In American culture, it has always been easier for us to be compassionate towards others than it is to ourselves, whether it be a close friend or someone we don’t even know. We feel immense compassion even for people that we do not know that we see on the news that are suffering from this horrible virus. It is important that we don’t forget to be compassionate towards ourselves as we go through this crisis. You might be saying to yourself, “Well, that sounds selfish, I don’t have it as bad as some people…think of the people in New York or Detroit.” Actually, being compassionate to ourselves is the opposite of selfishness. Self-compassion is the antidote to self-pity and while self-pity says “poor me,” self-compassion recognizes that life is hard for everyone. While it is true that certain people and places will be more harshly affected by this virus and we feel terrible about what they are going through, it is important to remember our common humanity.
Common humanity involves recognizing that suffering is part of the shared human experience and is something that we all go through rather than something that just happens to “you” or “them.” You may experience a sense of isolation through this crisis, such as thinking that you are the only one having a hard time in Calculus during online classes. When a family member is at home and not able to see their loved one in the hospital, they may feel a sense of pervasive isolation and worry. No matter the situation, try not to judge our situations as “It’s not that bad compared to others” or “Wow, things are terrible for me.” Instead, we need to recognize that we are all in this together – as Michigan Tech students, faculty and staff, as Americans, and as a world full of humans. The good news is that we are not alone even if we are not together in person in this day in age. All emotions are real to each and every one of us. We can all relate to the emotions of fear, happiness, anger, and the list goes on.
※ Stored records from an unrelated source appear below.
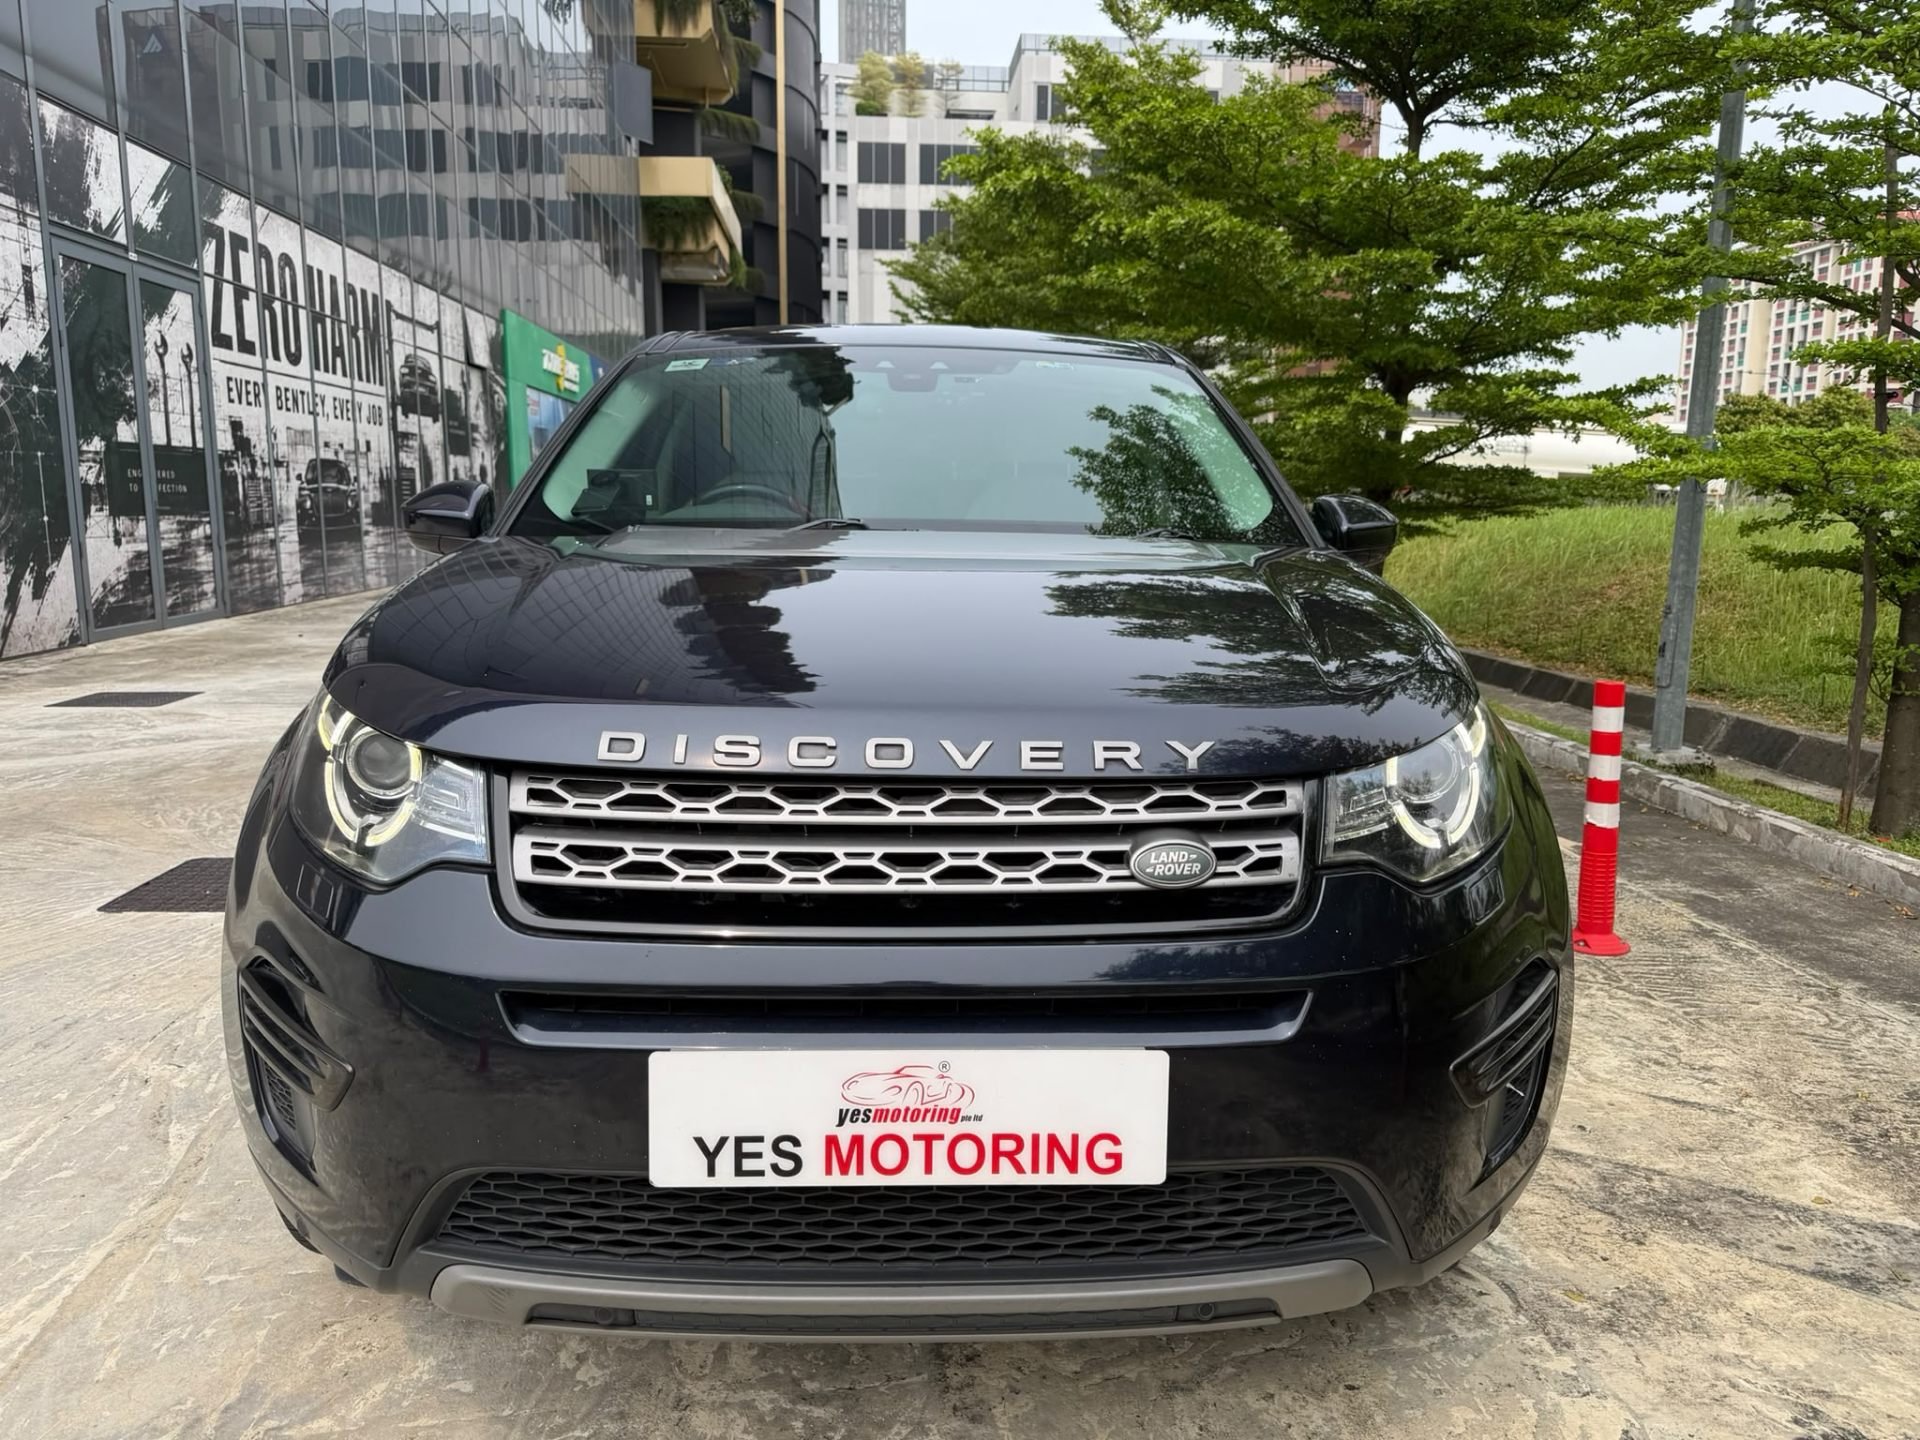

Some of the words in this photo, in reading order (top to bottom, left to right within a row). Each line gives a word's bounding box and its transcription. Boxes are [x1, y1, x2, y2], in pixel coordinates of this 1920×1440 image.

[201, 220, 303, 367] ZERO
[306, 263, 385, 387] HARM
[333, 396, 363, 423] EVEY
[366, 403, 383, 426] JOB
[129, 483, 139, 492] TO
[597, 731, 1215, 772] DISCOVERY
[1150, 851, 1189, 864] LAND
[1154, 862, 1202, 876] ROVER
[836, 1104, 962, 1128] yesmotoring
[960, 1114, 972, 1122] pte
[973, 1113, 984, 1122] ltd
[693, 1135, 803, 1178] YES
[824, 1132, 1124, 1176] MOTORING
This is something we all share as humans no matter what our situation is.
Take the time to focus on a person, pet, thought or object that stirs up some positivity within you. FaceTime a friend or family member. Our sense of hope, happiness, fun and creativity can continue on even through the pandemic because we are all in this together.
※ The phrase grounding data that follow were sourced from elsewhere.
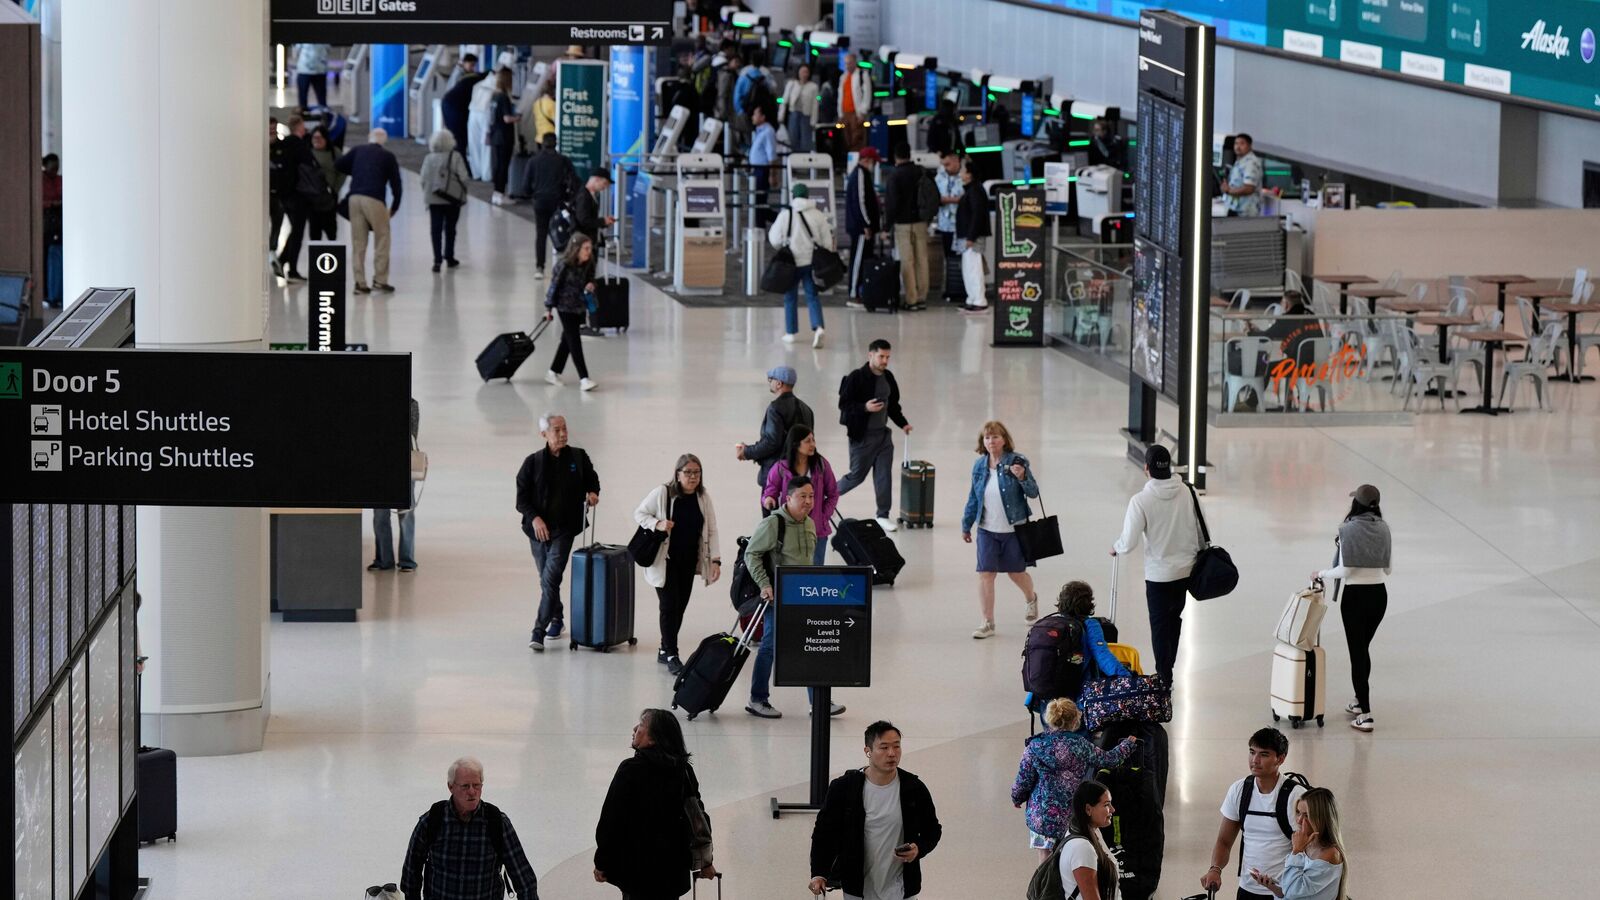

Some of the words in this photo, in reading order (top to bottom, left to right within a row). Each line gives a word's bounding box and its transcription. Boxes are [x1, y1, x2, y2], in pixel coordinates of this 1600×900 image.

[321, 0, 332, 10] D
[342, 0, 351, 10] E
[361, 0, 370, 11] F
[379, 0, 417, 11] Gates
[570, 26, 628, 39] Restrooms
[1521, 19, 1568, 60] Alaska
[562, 88, 588, 101] First
[562, 101, 594, 114] Class
[561, 114, 571, 127] &
[573, 115, 599, 128] Elite
[1018, 205, 1042, 213] LUNCH
[32, 368, 98, 393] Door
[104, 369, 121, 393] 5
[68, 409, 129, 431] Hotel
[135, 410, 231, 432] Shuttles
[69, 445, 152, 472] Parking
[159, 446, 254, 468] Shuttles
[799, 586, 819, 597] TSA
[821, 586, 839, 597] Pre
[806, 618, 833, 626] Proceed
[804, 644, 840, 652] Checkpoint
Be kind to yourself. Say to yourself “May I be kind to myself in this moment” and support bringing kindness to yourself. Talk to yourself as you would talk to a friend in a compassionate voice, saying “It’s going to be okay,” “I can get through this,” and “I am doing the best I can given the circumstances.” It is okay to be just as you are in this moment. Mindfully allow your thoughts, emotions, and sensations enter your awareness without resistance or avoidance. It is common to feel anxious, confused, overwhelmed, and powerless about this pandemic.
Research shows that people who practice self-compassion are more likely to engage in broadening their perspectives instead of focusing on their distress. Practicing self-compassion by using mindfulness, being kind to ourselves, and recognizing our common humanity makes us less likely to ruminate on “how bad things are.” This is why self-compassionate people generally have better mental health.